I liked the Speakeasy – it had an intimate atmosphere and some interesting acts. I saw Sid apparently playing with the Heartbreakers, but really just stumbling across the stage. Standing at the bar, I could see the humour in that kind of situation. But did those people find any sort of humour in themselves? I don’t think they did. It was all pretense, without any self-belief — just a belief in what others said and wrote about them.

I was Cliff Harris’s best friend. He loved David Bowie; he was bright, he could play guitar and had a big personality. But he ruined it all by trying to be something and someone he wasn’t — his death in the 80s was drug-related. I felt that punk should be about self-discovery, not about putting on a bin liner and writing the word ‘cunt’ on it. Punk quickly became silly, detached from reality. It became meaningless and annoying.
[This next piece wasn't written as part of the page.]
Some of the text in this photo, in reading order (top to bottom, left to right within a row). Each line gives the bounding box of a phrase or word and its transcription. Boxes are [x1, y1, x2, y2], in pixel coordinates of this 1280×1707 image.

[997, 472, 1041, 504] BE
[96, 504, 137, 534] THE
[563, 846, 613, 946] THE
[Gary with Steve Strange in Marco's front garden, Harrow 1978 - copyright Asquith archives]

Rema-Rema – Perception of ideas leads to new ideas (Sol LeWitt)
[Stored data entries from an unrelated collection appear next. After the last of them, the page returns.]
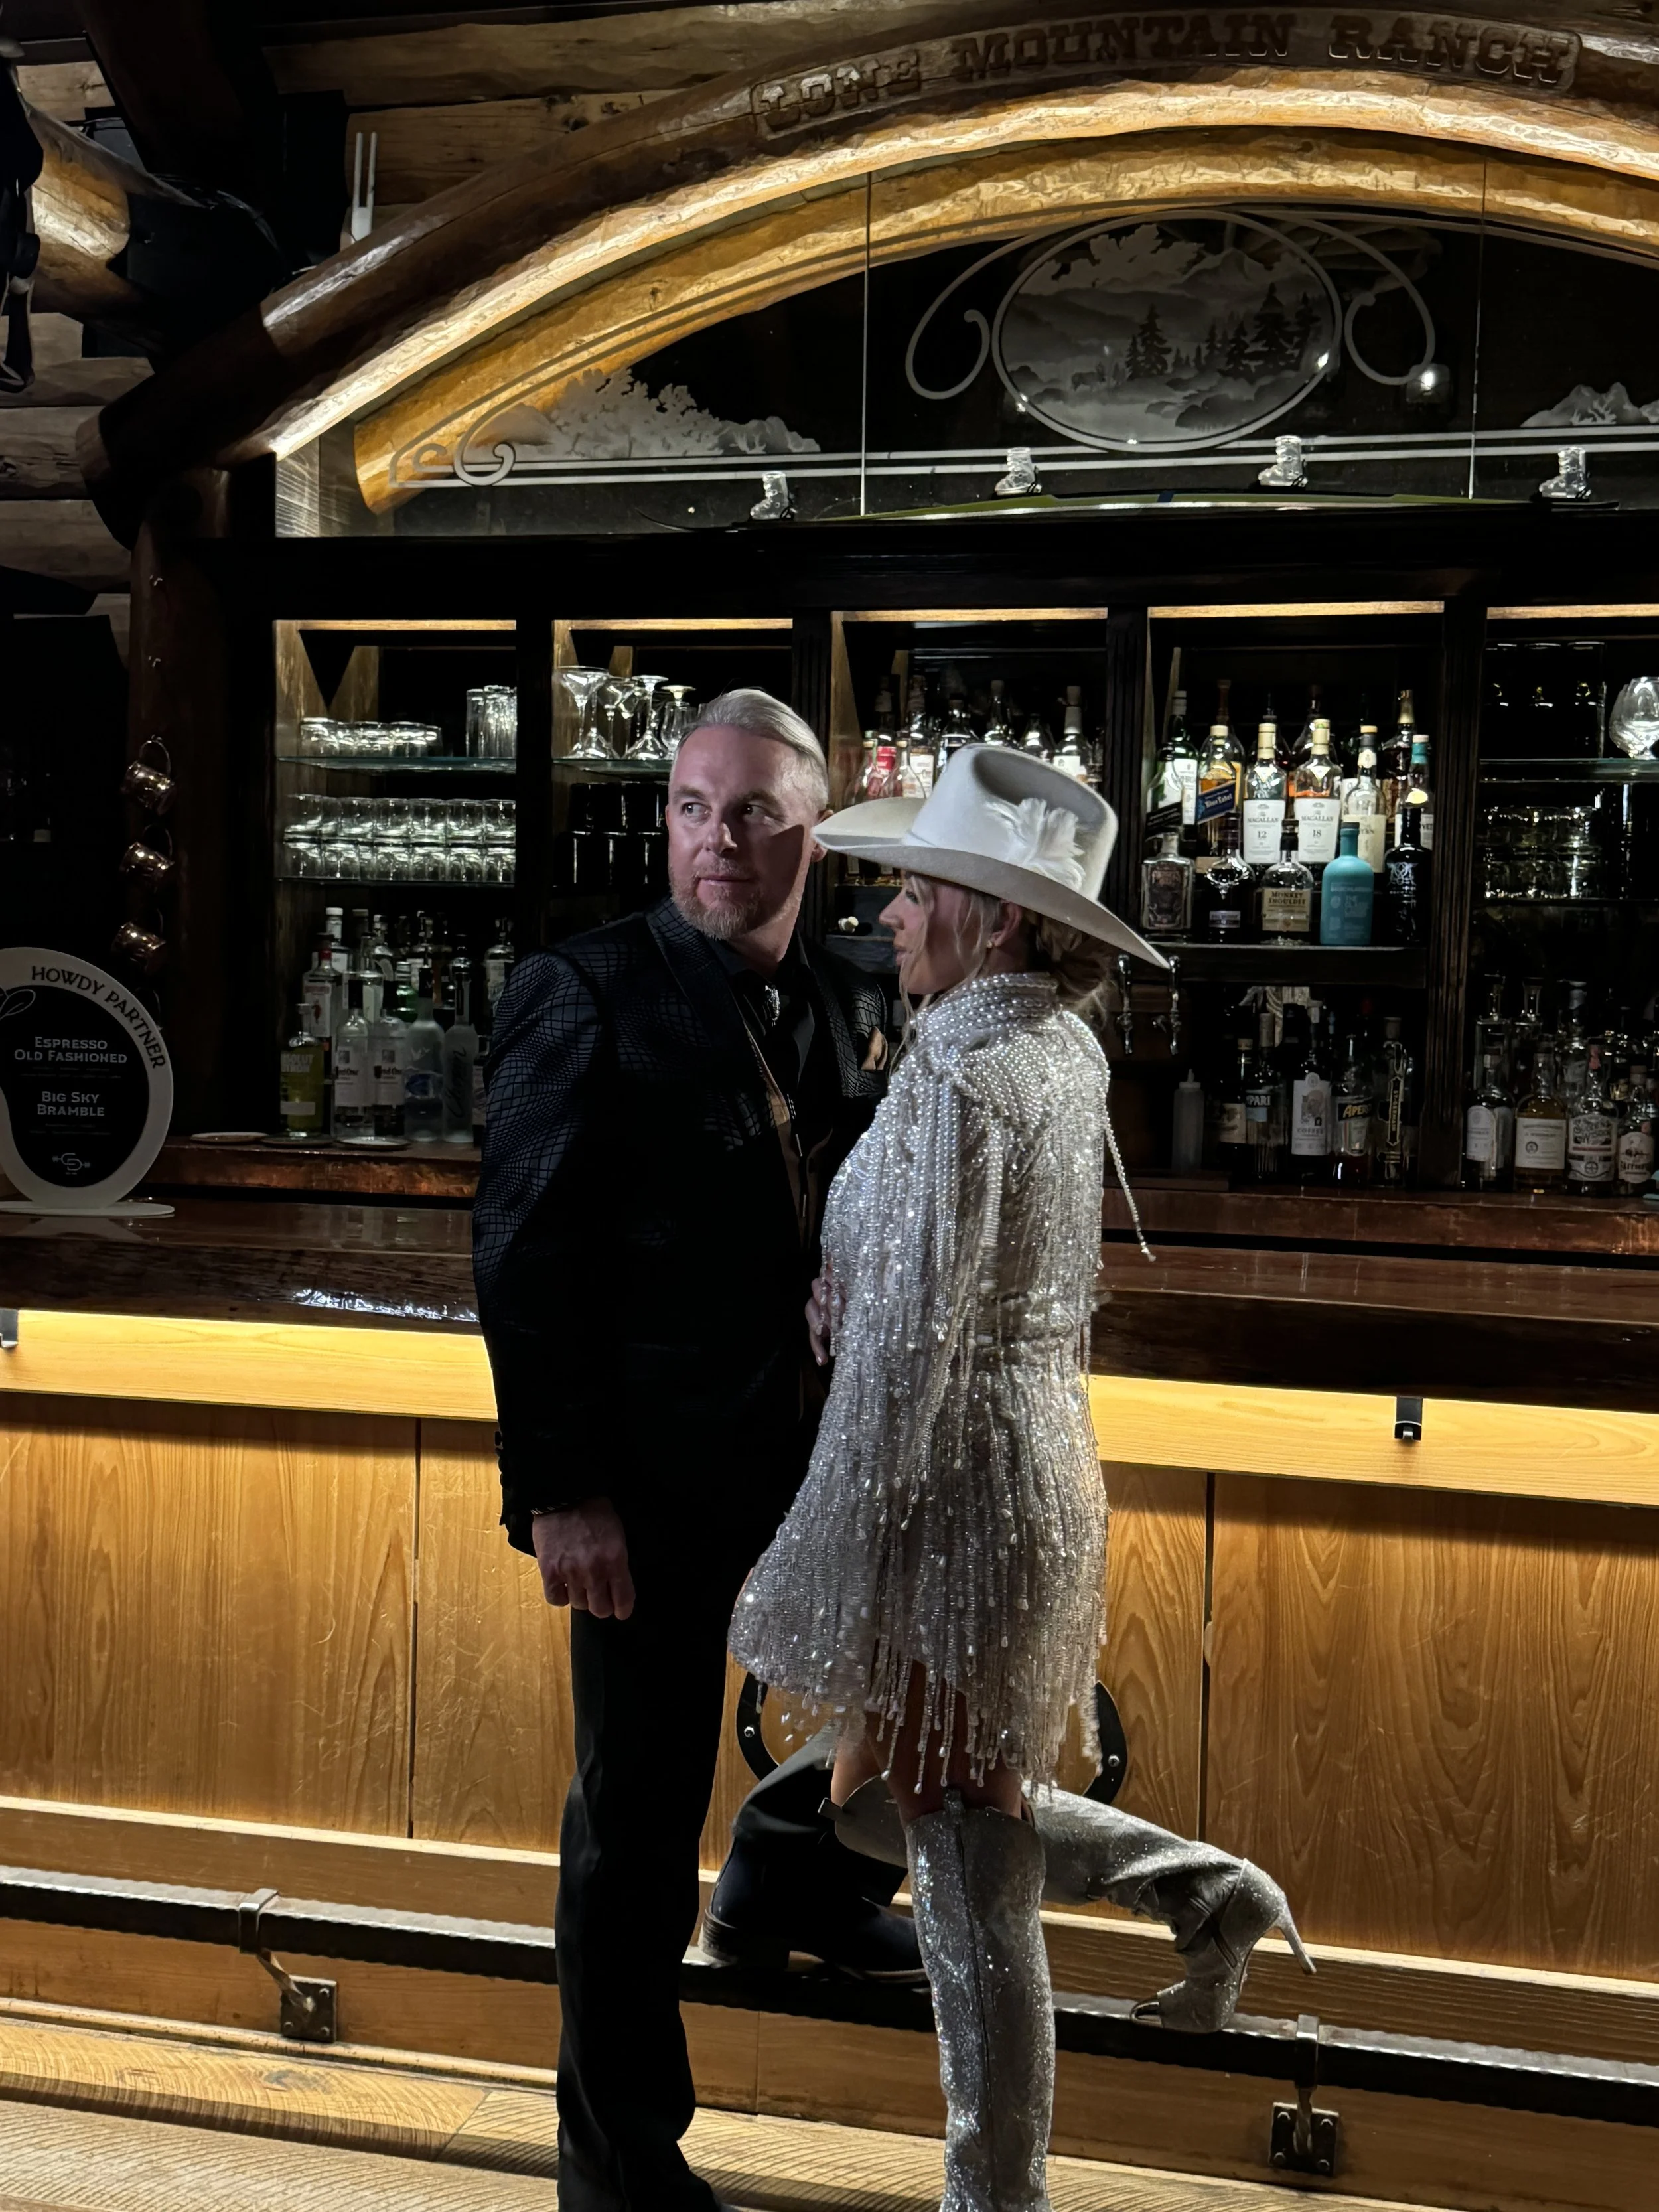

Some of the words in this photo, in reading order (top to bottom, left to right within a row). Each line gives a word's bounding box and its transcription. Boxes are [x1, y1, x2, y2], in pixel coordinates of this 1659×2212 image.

[761, 58, 921, 132] LONE
[950, 13, 1296, 82] MOUNTAIN
[1328, 15, 1570, 84] RANCH
[31, 966, 105, 995] HOWDY
[105, 991, 165, 1069] PARTNER
Punk stopped for me when Rema-Rema started. The Models finished, and I teamed up with Mick Allen and Marco, and a drummer called Max (Dorothy Prior) to form Rema Rema. The idea was to move on, which seemed very important at the time. We all had to do something different. I suppose it was the art school influence. I didn’t go, but Marco and Max were students. Max was the Mo Tucker of punk. She lived on Exhibition Road at the time, and we’d drop her off and hang out. Max’s boyfriend, Andy Warren from the Ants, was around. We’d sit around and drink coffee — curiously, it was a very undruggy scene. Max is a remarkable person: articulate and intelligent, easy to get along with, and not at all pompous. She lives in Brighton and runs tea dances these days, I understand.

Rema Rema were overlooked at the time. I remember one gig with Manicured Noise. I’m not being too subjective when I say we were great. But the guy who came to review the gig concentrated on Manicured Noise who, it turned out, were mates of his. That kind of thing tended to happen. I was serving an apprenticeship in Rema-Rema, but I felt sorry for Marco, who was fantastic at that time. His controlled feedback, special effects and riff structures were brilliant. In terms of diversification, he showed a full palette of what he could do. Rema-Rema was his finest moment. Some people did get it: we almost signed to Virgin, but they took Magazine instead. And the demos we did for Charisma became the Wheel in the Roses EP. But that came out after we had split up. One remaining track from those Charisma sessions is possibly going to see the light via Defiant Pose fanzine. There’s also a potential deal with 4AD regarding some other unreleased material. And I’m compiling a selection of Rema Rema remixes by people like Fritz Catlin (23 Skidoo) and John Gosling.


[Copyright Asquith archives]

[Rema-Rema photo shoot with Paul Stahl at the back of the King's Road, 1978 - copyright Asquith archives]

It seems that I’m coming round to where I started, but I hate nostalgia, and for me the Rema Rema story was an unfinished story — and the unheard material deserves to be archived. It’s nice to have lived through punk and post-punk, but a lot of people get stuck in a rut and never get out of it, doing the same things over again. I’ve never been stuck in that rut. I am a free spirit, and I will always experiment and explore.


[Copyright Asquith archives]

[Gary Asquith, 1979. Paul Hartnett photoshoot - copyright Asquith archives]

[Gary Asquith selfie, Lyme Regis, 2006]


ABOUT THE INTERVIEWER
Richard Cabut’s fiction and poetry has appeared in various magazines and books. In the past, he played bass and wrote the propaganda for the punk group Brigandage, and wrote for the NME under the pen name Richard North. He lives in south east London, and works as a writer.